> _What is expected_:
Find "this 1600×1200 image." below and begin at its line; stop after the line with "this 1920×1280 image.". Output those lines exactly, without pictures.

> _Data_:
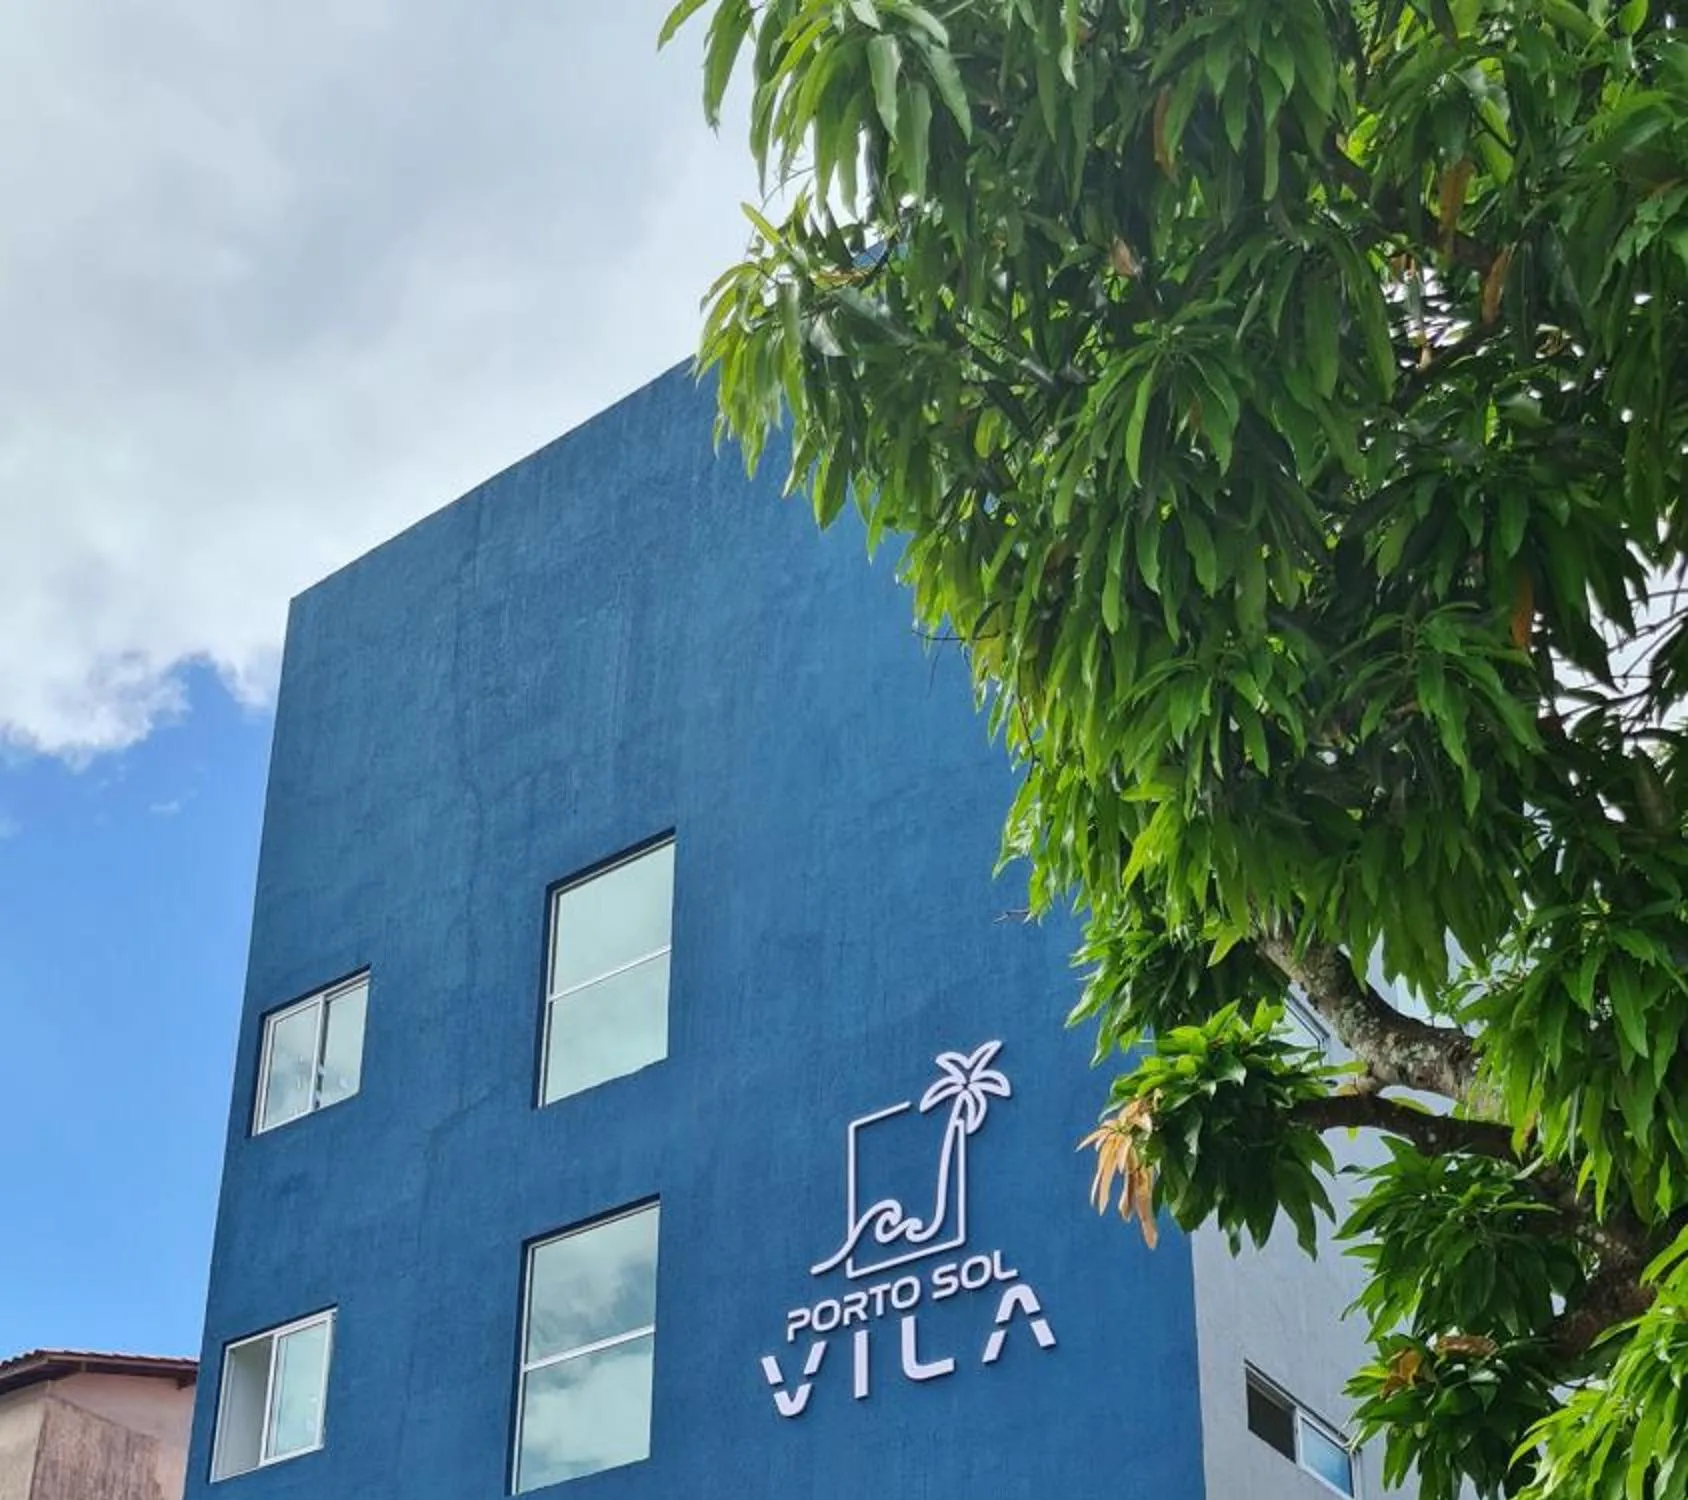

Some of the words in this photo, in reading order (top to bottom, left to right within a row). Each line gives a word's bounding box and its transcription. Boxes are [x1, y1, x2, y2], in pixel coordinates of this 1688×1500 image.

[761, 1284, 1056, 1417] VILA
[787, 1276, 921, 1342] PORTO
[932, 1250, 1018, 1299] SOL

==

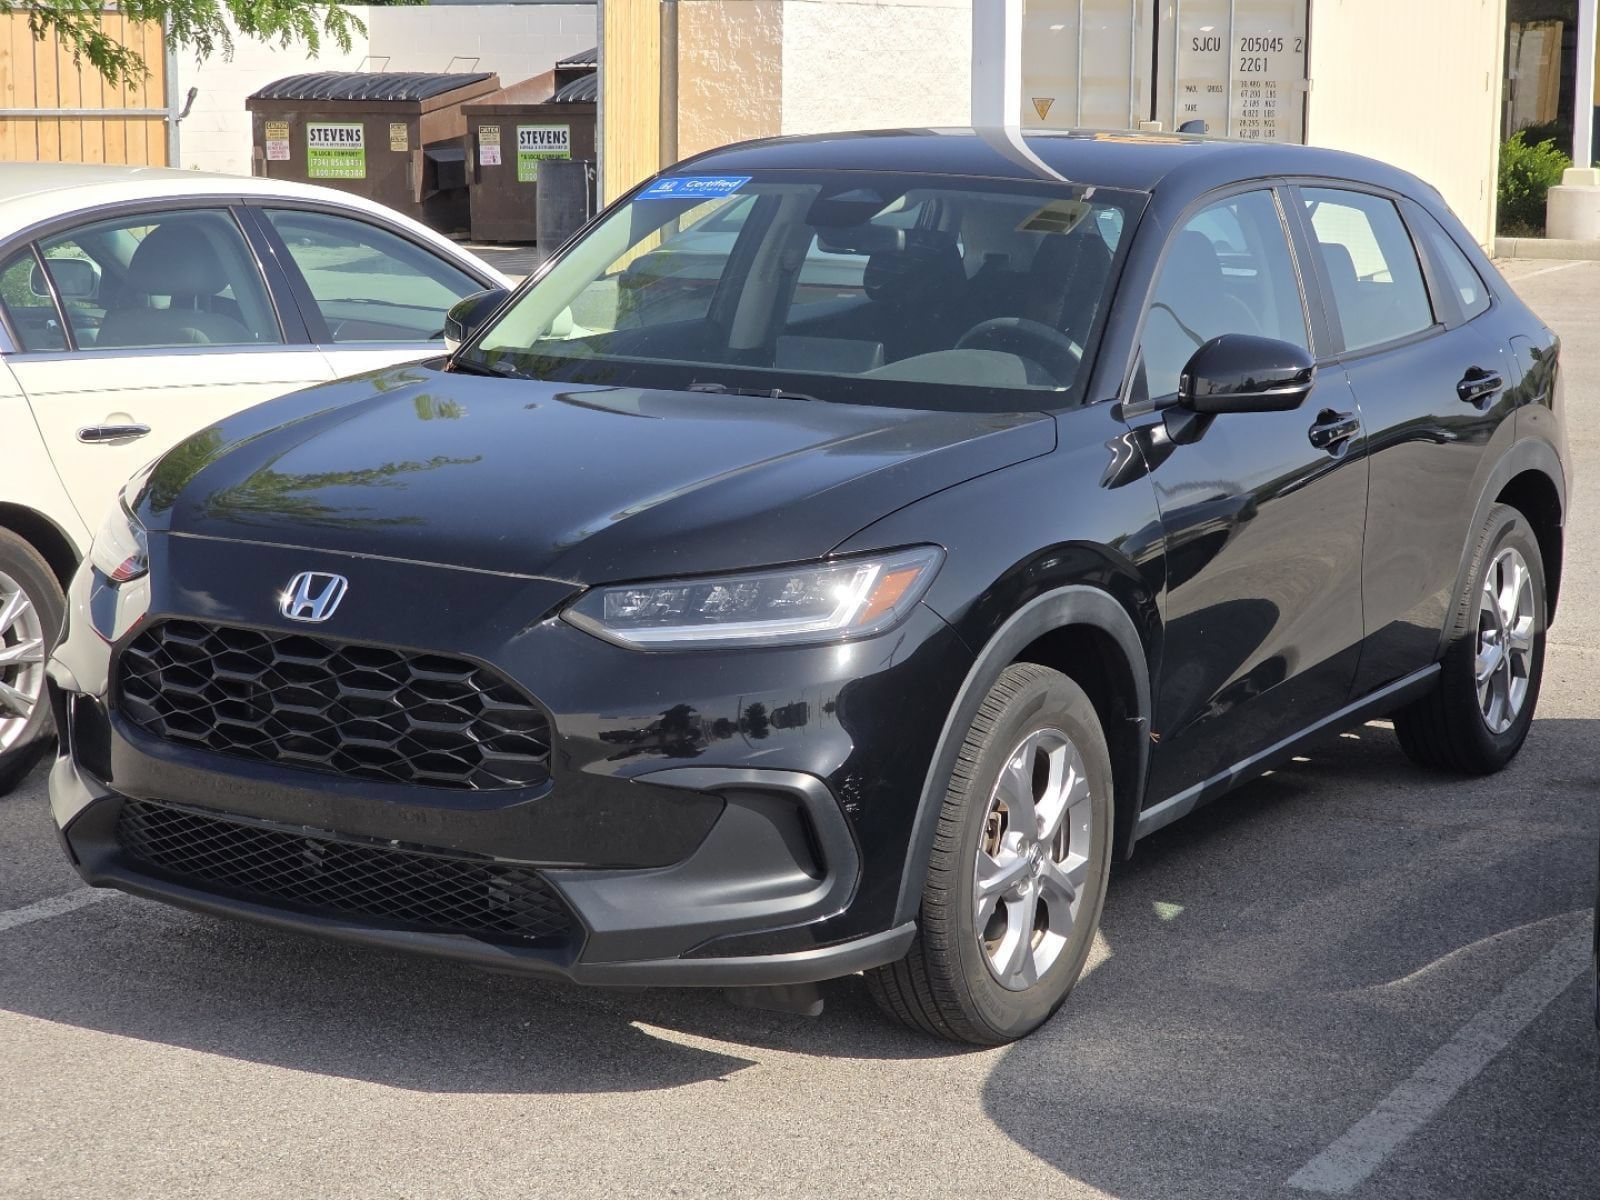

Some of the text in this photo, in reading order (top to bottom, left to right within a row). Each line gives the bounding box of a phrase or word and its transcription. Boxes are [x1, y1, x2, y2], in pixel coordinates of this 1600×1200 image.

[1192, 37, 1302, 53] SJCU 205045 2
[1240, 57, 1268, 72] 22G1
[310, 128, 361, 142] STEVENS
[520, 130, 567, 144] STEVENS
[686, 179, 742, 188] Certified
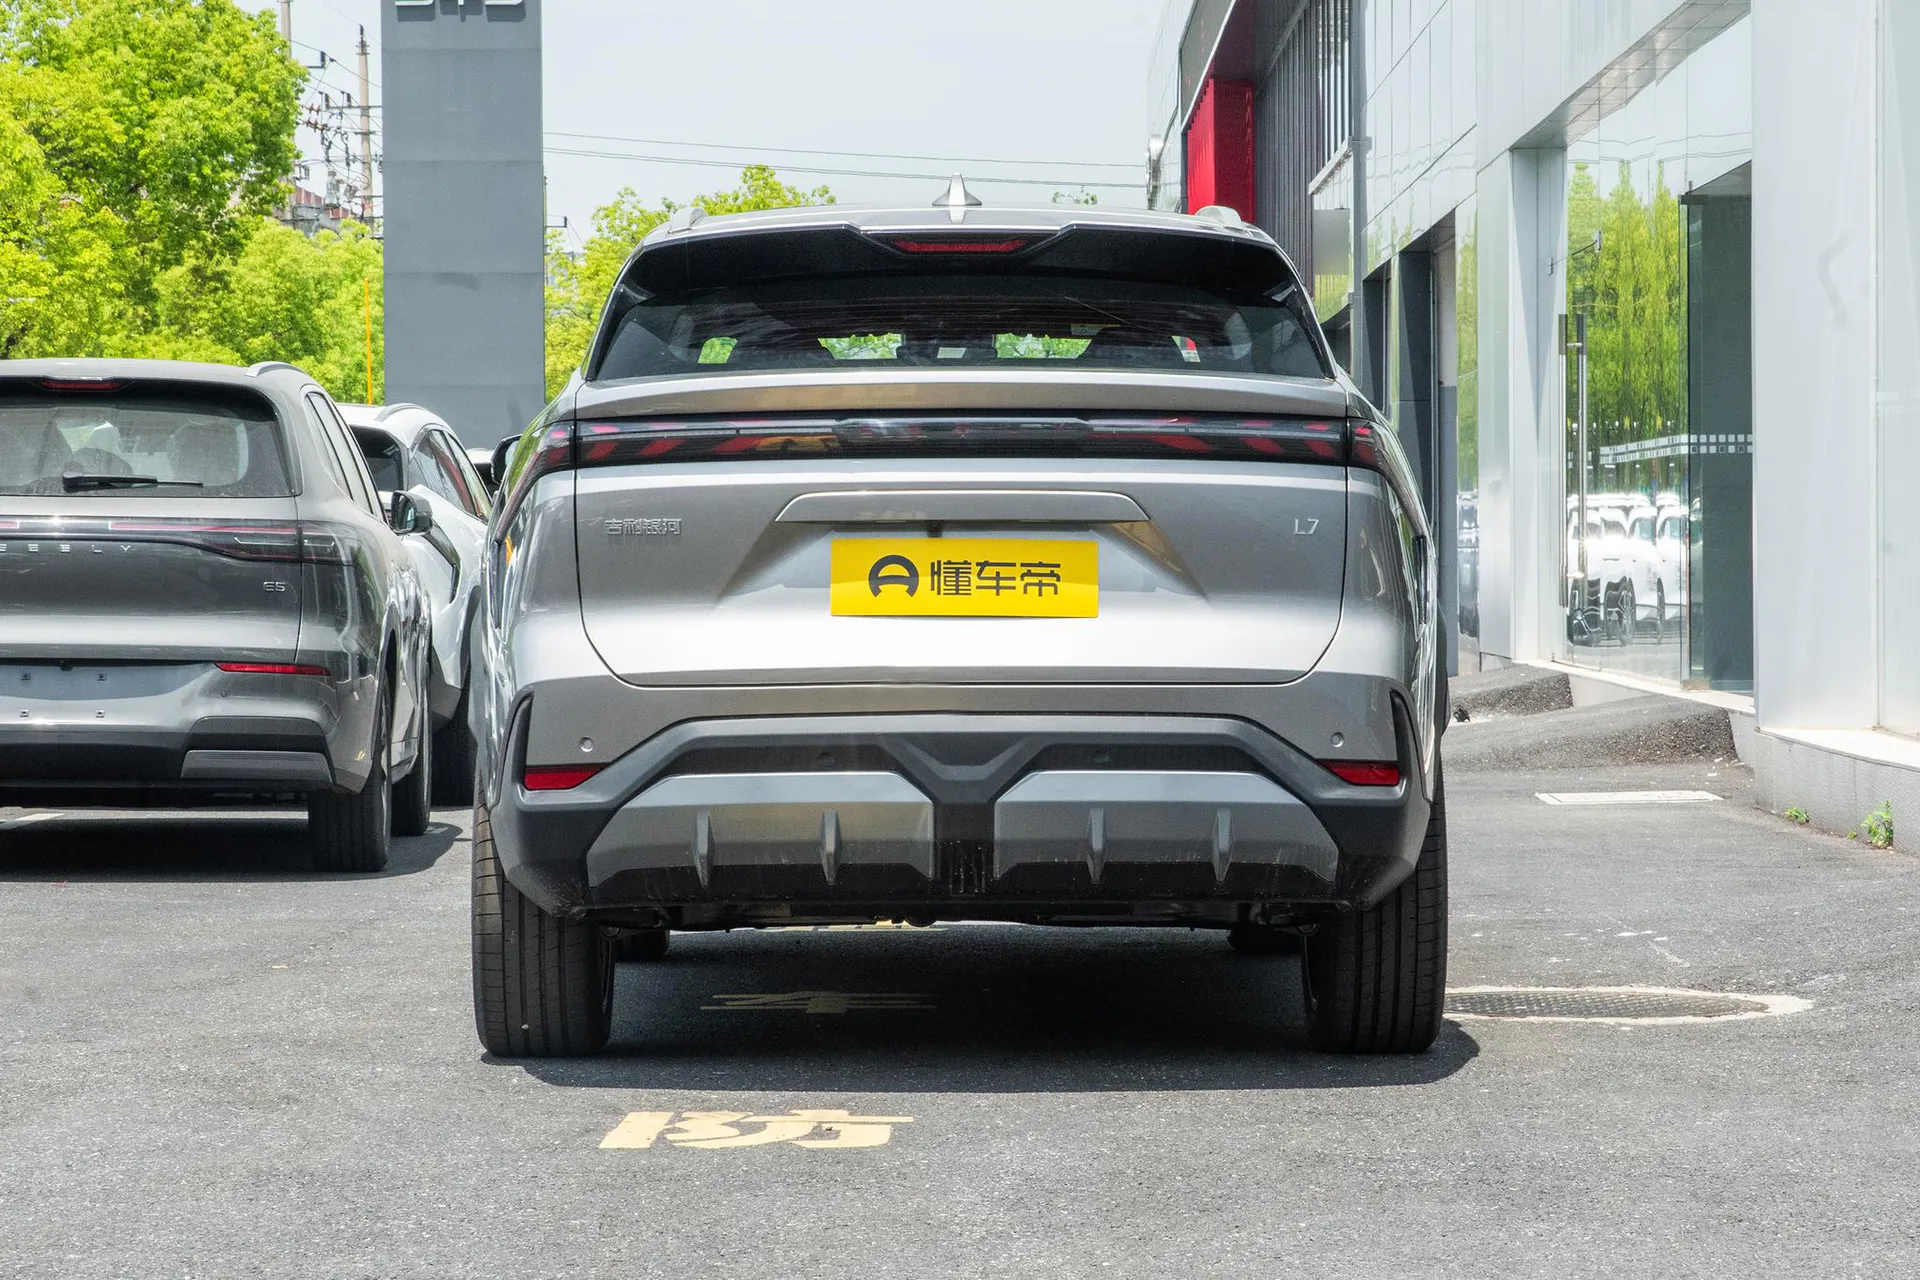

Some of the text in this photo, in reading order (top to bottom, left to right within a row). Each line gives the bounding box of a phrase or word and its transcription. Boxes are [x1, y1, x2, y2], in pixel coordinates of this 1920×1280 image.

> _Response_:
Some of the text in this photo, in reading order (top to bottom, left to right within a row). Each line gives the bounding box of a phrase or word and its transcription. Boxes are [x1, y1, x2, y2], in pixel coordinates of this 1600×1200 image.

[1192, 37, 1302, 53] SJCU 205045 2
[1240, 57, 1268, 72] 22G1
[310, 128, 361, 142] STEVENS
[520, 130, 567, 144] STEVENS
[686, 179, 742, 188] Certified

Some of the text in this photo, in reading order (top to bottom, left to right within a row). Each line gives the bounding box of a phrase or word and its transcription. Boxes are [x1, y1, x2, y2], in pixel coordinates of this 1920×1280 image.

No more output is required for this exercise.